(About this exercise): Retype the entries below exactly, and keep every picture out of your version.

Stored dataset items:
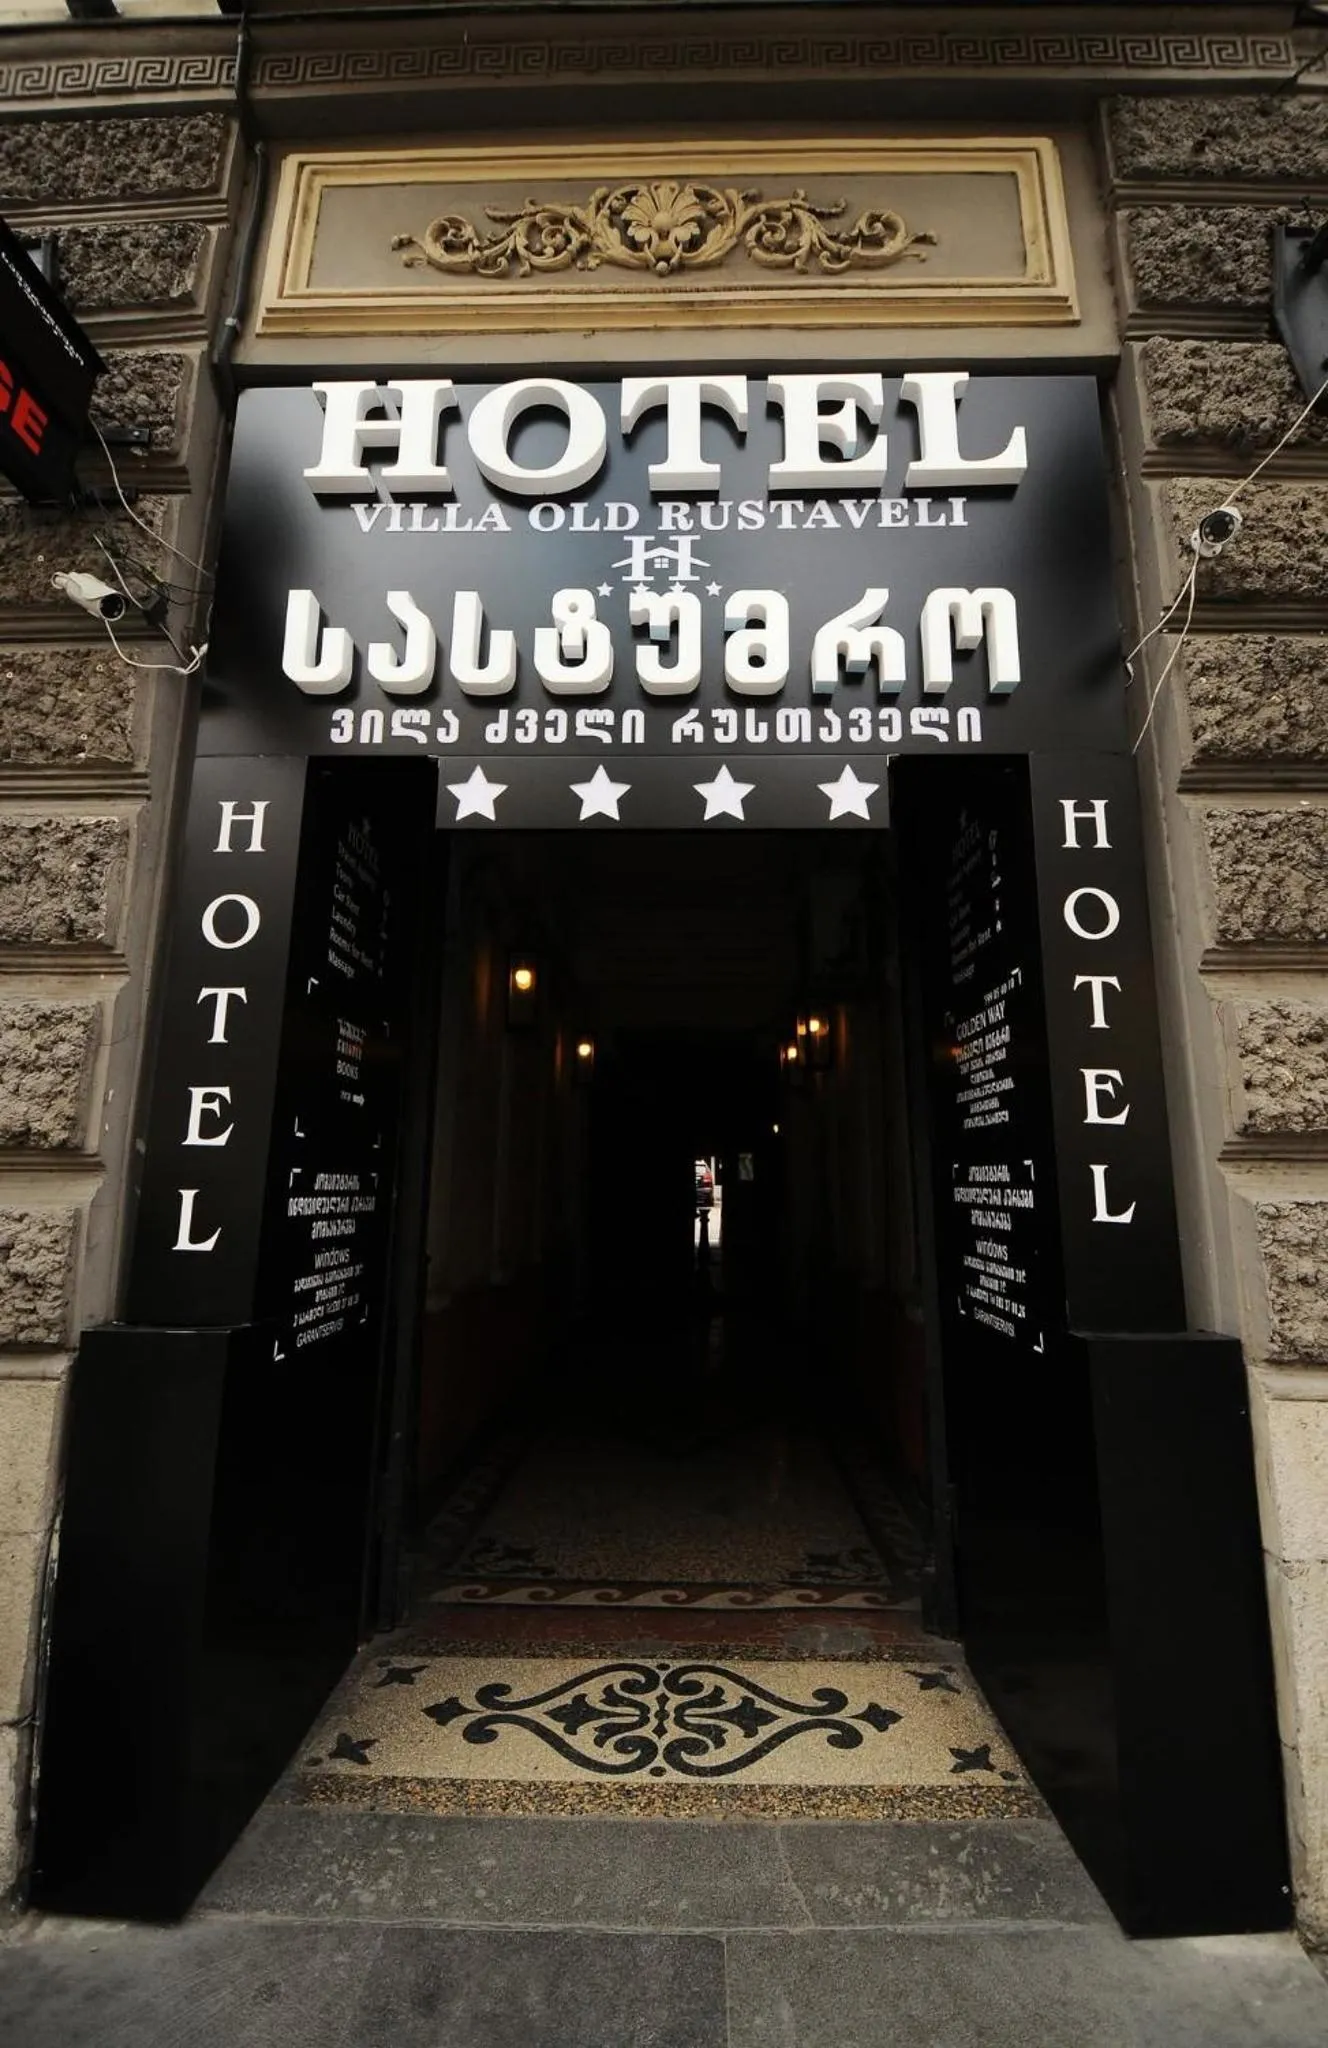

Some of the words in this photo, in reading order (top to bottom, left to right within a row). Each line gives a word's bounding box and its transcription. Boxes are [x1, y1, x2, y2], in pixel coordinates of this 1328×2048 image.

[304, 372, 1028, 495] HOTEL
[352, 502, 512, 534] VILLA
[528, 501, 639, 532] OLD
[657, 497, 969, 532] RUSTAVELI
[282, 587, 1021, 696] სასტუმრო
[330, 708, 460, 744] ვილა
[485, 708, 645, 744] ძველი
[672, 706, 982, 744] რუსთაველი
[172, 800, 270, 1251] HOTEL
[956, 1010, 987, 1041] GOLDEN
[986, 1001, 1006, 1028] WAY
[1059, 799, 1136, 1223] HOTEL

(Exercise response):
Some of the words in this photo, in reading order (top to bottom, left to right within a row). Each line gives a word's bounding box and its transcription. Boxes are [x1, y1, x2, y2], in pixel coordinates of this 1328×2048 image.

[304, 372, 1028, 495] HOTEL
[352, 502, 512, 534] VILLA
[528, 501, 639, 532] OLD
[657, 497, 969, 532] RUSTAVELI
[282, 587, 1021, 696] სასტუმრო
[330, 708, 460, 744] ვილა
[485, 708, 645, 744] ძველი
[672, 706, 982, 744] რუსთაველი
[172, 800, 270, 1251] HOTEL
[956, 1010, 987, 1041] GOLDEN
[986, 1001, 1006, 1028] WAY
[1059, 799, 1136, 1223] HOTEL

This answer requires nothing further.